お馬さんに縛り付けられて………無事生きてたら、乗馬の練習しよう。


今回帰るのに試しに荷車を馬で引いてもらって、私が荷車に乗ってみましたけど…ダメですね。

道がちゃんと整備されていれば、また違ってたんでしょうけど…。


道が整備されてないのでガタゴトと振動がヤバいです。これなら縛られて運ばれる方がまだマシです。
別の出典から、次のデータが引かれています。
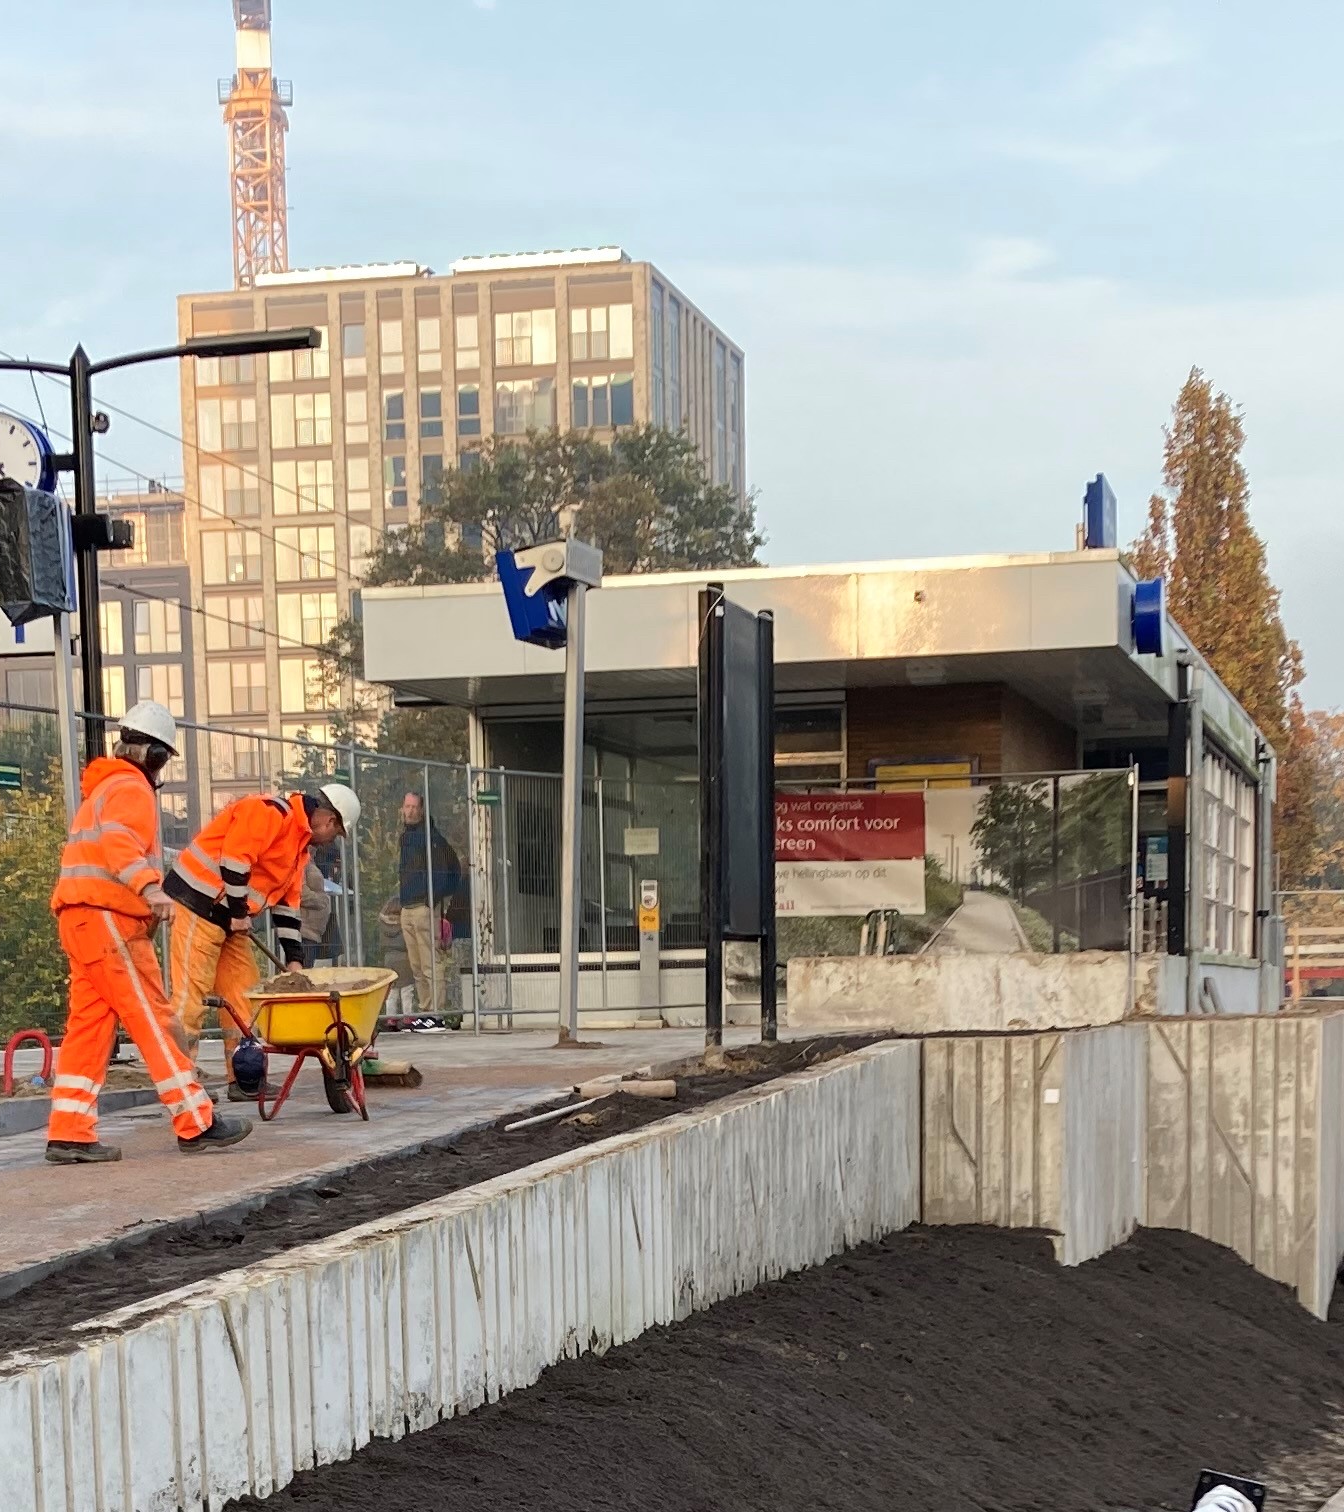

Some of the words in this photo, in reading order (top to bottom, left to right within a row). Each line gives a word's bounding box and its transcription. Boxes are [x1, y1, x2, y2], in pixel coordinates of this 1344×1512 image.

次に荷車だったのが悪かったんですかね?元から馬に引かれることを想定して作られてないので、耐久性が無い、馬に引かれることと振動に耐えられず、すぐに壊れてしまいました。

車輪が外れて、私は落とされ、馬は遥か前方に走り去って行きます…篝が気付いて戻って来るまで、壊れた車輪と一緒にその場で放置されてしまいました。


遠くなっていく馬と篝の後姿を見送る悲しさというか、寂しさと惨めさは結構堪えます。

あれです。終電に乗る為に急いで走って、ホームに着いたら目的の電車がタッチの差で出発してしまってその電車が小さくなっていくのを唖然と見送る感じと言えば分かってもらえるでしょうか?



馬車ってどういう作りなんだろう?スプリングがあればいけるかな?今度伝手があるなら試してみよう。



とか考えてる間に待ち人が来ました…。




「お呼びとお伺いし、参上いたしました。」

「同じく。」


林秀貞・林美作守の二人は鎧を身に着けてやって来ました。

見覚えがあります。確か私が目を覚ました時に私に近い位置に居た人たちです。

印象としては宝塚の男役って感じの………格好悪くはないが何処か華がない感じです。


「この戦を止めます。」

取り敢えず、最初に結論を伝えます。


「なぜです!」

「何故?ではこちらからお伺いします。何故身内で争い、国力を低下させ、他国に攻め込む隙を与えてまでこの戦をしようとするんですか?」


「それは!………信行様。美濃のマムシという後ろ盾がなくなった信長では、この織田家は守れない…私、織田家筆頭家老として織田家に仕える身といたしましては、織田家を守るには信長を討つしかないと判断したのです。

…お分かりください。」


尤もらしい回答ですけど…。


「花姐様は―――」

「花姐様?」


「ああ、母上のことです。母上のいうことにはお二人とも凜…信長の胸に不満があると伺ってますが?」

「そんな理由なんですか⁉」


あ、一緒に居た篝はその理由は知らなかったようで驚いています。

花姐様と会ったときはさすがに同行出来ませんでしたからね…。


「お花さんは余計なことを…。」


しばらく俯いて沈黙した林秀貞は次に顔を上げたときには、さっきまでと違った、覚悟を決めたような目でこちらを見て来ました。


「失礼。」

そう一言告げてから二人は身に着けていた鎧を外します。



あれ?…胸が消えた⁉



思わず目を擦って確認してしまいそうになりますが、その前に林秀貞の言葉で私の行動は止められます。


「信行様…今、小さいって思ってますね?」

「そ、そんなこと思ってませんよ!」


胸が消えたとは思ったけど…。


鎧は胸が大きいく見えるように、胸部分を膨らませたような作りになっていたようです。

鎧を外した林秀貞と林美作守は平原…ちっぱい、ちぃぱい、ツモ!ちぃぱいツー(七対子)ドラ四です。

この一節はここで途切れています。